→ **WHAT THE EXERCISE ASKS**
Would you give the records below again, exactly and completely?

------ TASK INPUT ------

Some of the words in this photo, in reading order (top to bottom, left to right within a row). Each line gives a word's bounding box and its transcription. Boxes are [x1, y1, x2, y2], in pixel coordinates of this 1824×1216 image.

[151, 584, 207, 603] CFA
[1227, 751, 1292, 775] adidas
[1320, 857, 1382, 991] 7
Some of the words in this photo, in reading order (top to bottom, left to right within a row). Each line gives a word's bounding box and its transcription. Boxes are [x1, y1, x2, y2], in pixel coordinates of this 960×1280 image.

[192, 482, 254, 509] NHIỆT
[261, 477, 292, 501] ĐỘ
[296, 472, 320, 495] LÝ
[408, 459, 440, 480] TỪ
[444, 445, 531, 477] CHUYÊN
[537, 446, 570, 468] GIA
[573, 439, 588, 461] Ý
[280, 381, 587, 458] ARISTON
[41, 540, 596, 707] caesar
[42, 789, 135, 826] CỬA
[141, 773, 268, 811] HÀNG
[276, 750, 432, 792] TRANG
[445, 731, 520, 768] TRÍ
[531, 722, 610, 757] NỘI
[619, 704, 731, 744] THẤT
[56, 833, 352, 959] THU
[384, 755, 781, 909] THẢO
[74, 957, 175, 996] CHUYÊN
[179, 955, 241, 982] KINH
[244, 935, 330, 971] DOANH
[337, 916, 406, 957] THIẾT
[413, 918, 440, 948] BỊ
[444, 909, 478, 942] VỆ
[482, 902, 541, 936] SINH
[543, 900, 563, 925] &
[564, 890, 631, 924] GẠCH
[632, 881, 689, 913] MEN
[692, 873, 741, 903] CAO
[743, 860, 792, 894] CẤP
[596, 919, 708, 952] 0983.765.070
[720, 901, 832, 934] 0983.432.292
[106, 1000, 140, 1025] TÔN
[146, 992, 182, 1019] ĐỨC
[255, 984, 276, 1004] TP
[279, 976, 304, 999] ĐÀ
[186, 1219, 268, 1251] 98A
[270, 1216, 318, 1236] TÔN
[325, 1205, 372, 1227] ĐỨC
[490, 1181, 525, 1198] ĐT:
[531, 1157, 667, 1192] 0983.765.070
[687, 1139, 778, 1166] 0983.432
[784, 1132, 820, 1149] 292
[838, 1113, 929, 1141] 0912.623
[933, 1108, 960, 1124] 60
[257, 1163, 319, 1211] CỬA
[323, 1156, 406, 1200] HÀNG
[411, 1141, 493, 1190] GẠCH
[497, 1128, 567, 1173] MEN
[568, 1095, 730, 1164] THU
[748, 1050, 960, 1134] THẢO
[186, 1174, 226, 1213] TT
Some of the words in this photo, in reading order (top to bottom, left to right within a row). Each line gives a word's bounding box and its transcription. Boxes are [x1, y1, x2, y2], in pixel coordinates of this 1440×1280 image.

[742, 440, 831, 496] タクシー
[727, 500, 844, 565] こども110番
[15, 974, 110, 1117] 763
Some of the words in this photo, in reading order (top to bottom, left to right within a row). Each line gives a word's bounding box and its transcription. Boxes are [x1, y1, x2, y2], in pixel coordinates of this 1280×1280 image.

------

→ **TASK RESULT**
Some of the words in this photo, in reading order (top to bottom, left to right within a row). Each line gives a word's bounding box and its transcription. Boxes are [x1, y1, x2, y2], in pixel coordinates of this 1824×1216 image.

[151, 584, 207, 603] CFA
[1227, 751, 1292, 775] adidas
[1320, 857, 1382, 991] 7
Some of the words in this photo, in reading order (top to bottom, left to right within a row). Each line gives a word's bounding box and its transcription. Boxes are [x1, y1, x2, y2], in pixel coordinates of this 960×1280 image.

[192, 482, 254, 509] NHIỆT
[261, 477, 292, 501] ĐỘ
[296, 472, 320, 495] LÝ
[408, 459, 440, 480] TỪ
[444, 445, 531, 477] CHUYÊN
[537, 446, 570, 468] GIA
[573, 439, 588, 461] Ý
[280, 381, 587, 458] ARISTON
[41, 540, 596, 707] caesar
[42, 789, 135, 826] CỬA
[141, 773, 268, 811] HÀNG
[276, 750, 432, 792] TRANG
[445, 731, 520, 768] TRÍ
[531, 722, 610, 757] NỘI
[619, 704, 731, 744] THẤT
[56, 833, 352, 959] THU
[384, 755, 781, 909] THẢO
[74, 957, 175, 996] CHUYÊN
[179, 955, 241, 982] KINH
[244, 935, 330, 971] DOANH
[337, 916, 406, 957] THIẾT
[413, 918, 440, 948] BỊ
[444, 909, 478, 942] VỆ
[482, 902, 541, 936] SINH
[543, 900, 563, 925] &
[564, 890, 631, 924] GẠCH
[632, 881, 689, 913] MEN
[692, 873, 741, 903] CAO
[743, 860, 792, 894] CẤP
[596, 919, 708, 952] 0983.765.070
[720, 901, 832, 934] 0983.432.292
[106, 1000, 140, 1025] TÔN
[146, 992, 182, 1019] ĐỨC
[255, 984, 276, 1004] TP
[279, 976, 304, 999] ĐÀ
[186, 1219, 268, 1251] 98A
[270, 1216, 318, 1236] TÔN
[325, 1205, 372, 1227] ĐỨC
[490, 1181, 525, 1198] ĐT:
[531, 1157, 667, 1192] 0983.765.070
[687, 1139, 778, 1166] 0983.432
[784, 1132, 820, 1149] 292
[838, 1113, 929, 1141] 0912.623
[933, 1108, 960, 1124] 60
[257, 1163, 319, 1211] CỬA
[323, 1156, 406, 1200] HÀNG
[411, 1141, 493, 1190] GẠCH
[497, 1128, 567, 1173] MEN
[568, 1095, 730, 1164] THU
[748, 1050, 960, 1134] THẢO
[186, 1174, 226, 1213] TT
Some of the words in this photo, in reading order (top to bottom, left to right within a row). Each line gives a word's bounding box and its transcription. Boxes are [x1, y1, x2, y2], in pixel coordinates of this 1440×1280 image.

[742, 440, 831, 496] タクシー
[727, 500, 844, 565] こども110番
[15, 974, 110, 1117] 763
Some of the words in this photo, in reading order (top to bottom, left to right within a row). Each line gives a word's bounding box and its transcription. Boxes are [x1, y1, x2, y2], in pixel coordinates of this 1280×1280 image.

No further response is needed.